De este modo, "la incompatibilidad de la ley nacional con el Derecho de la Unión Europea sería causa de su inaplicabilidad y, por tanto, faltaría una de las condiciones exigidas para la admisibilidad de la cuestión de inconstitucionalidad".

La resolución insiste en que una cuestión de inconstitucionalidad "solo sería admisible si se ha descartado la posibilidad de que la ley cuestionada sea incompatible con el Derecho de la Unión y, en consecuencia, inaplicable".

Desde la perspectiva del ordenamiento jurídico español, explica, el órgano judicial que duda de la constitucionalidad de una ley "no podrá plantear cuestión sobre la misma ante el TC si al propio tiempo considera que esa ley es claramente incompatible con el Derecho de la Unión Europea, pues viene entonces obligado por este Derecho a no aplicarla".

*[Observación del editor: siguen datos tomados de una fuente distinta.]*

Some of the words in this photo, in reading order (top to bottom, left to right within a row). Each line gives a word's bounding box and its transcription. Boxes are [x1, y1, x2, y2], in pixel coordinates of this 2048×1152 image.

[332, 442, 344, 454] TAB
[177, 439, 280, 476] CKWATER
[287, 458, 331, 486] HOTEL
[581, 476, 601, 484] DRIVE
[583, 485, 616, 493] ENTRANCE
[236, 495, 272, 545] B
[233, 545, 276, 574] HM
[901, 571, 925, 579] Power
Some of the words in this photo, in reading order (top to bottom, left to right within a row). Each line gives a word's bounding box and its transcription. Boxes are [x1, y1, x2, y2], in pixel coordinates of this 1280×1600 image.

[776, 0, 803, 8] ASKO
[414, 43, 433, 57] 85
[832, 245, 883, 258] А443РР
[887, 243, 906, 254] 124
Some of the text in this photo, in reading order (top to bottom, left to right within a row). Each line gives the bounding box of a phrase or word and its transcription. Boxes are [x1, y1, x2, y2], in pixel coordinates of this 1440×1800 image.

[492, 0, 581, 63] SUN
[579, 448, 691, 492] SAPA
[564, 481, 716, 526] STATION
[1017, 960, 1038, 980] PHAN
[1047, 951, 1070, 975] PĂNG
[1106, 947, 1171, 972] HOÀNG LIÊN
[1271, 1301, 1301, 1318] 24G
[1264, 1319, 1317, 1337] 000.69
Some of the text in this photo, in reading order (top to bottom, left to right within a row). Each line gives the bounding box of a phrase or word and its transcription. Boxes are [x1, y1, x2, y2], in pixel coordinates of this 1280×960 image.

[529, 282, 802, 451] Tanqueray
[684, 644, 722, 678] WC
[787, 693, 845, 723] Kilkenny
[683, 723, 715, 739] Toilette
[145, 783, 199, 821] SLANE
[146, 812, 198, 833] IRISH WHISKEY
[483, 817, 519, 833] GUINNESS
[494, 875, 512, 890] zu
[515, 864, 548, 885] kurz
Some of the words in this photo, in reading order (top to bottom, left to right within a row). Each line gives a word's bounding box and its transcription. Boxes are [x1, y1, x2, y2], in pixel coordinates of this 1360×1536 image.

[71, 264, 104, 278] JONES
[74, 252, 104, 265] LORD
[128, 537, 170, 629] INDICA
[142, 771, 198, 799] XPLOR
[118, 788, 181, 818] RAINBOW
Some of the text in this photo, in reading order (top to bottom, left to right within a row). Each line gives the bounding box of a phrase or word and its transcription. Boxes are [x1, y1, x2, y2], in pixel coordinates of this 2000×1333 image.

"Si lo que sucede es que alberga dudas sobre la compatibilidad de esa ley con el Derecho de la Unión, lo que habrá de hacer es plantear primero la cuestión prejudicial ante el Tribunal de Justicia de la Unión Europea, de suerte que solo cuando este haya descartado la incompatibilidad de la norma nacional con el Derecho comunitario cabrá plantear la cuestión de inconstitucionalidad", indica.

Por el contrario, si el TJUE declara que la norma nacional es incompatible con el Derecho de la Unión, "esa norma deviene, en consecuencia, inaplicable al caso, por lo que no cabría plantear cuestión de inconstitucionalidad”, agrega.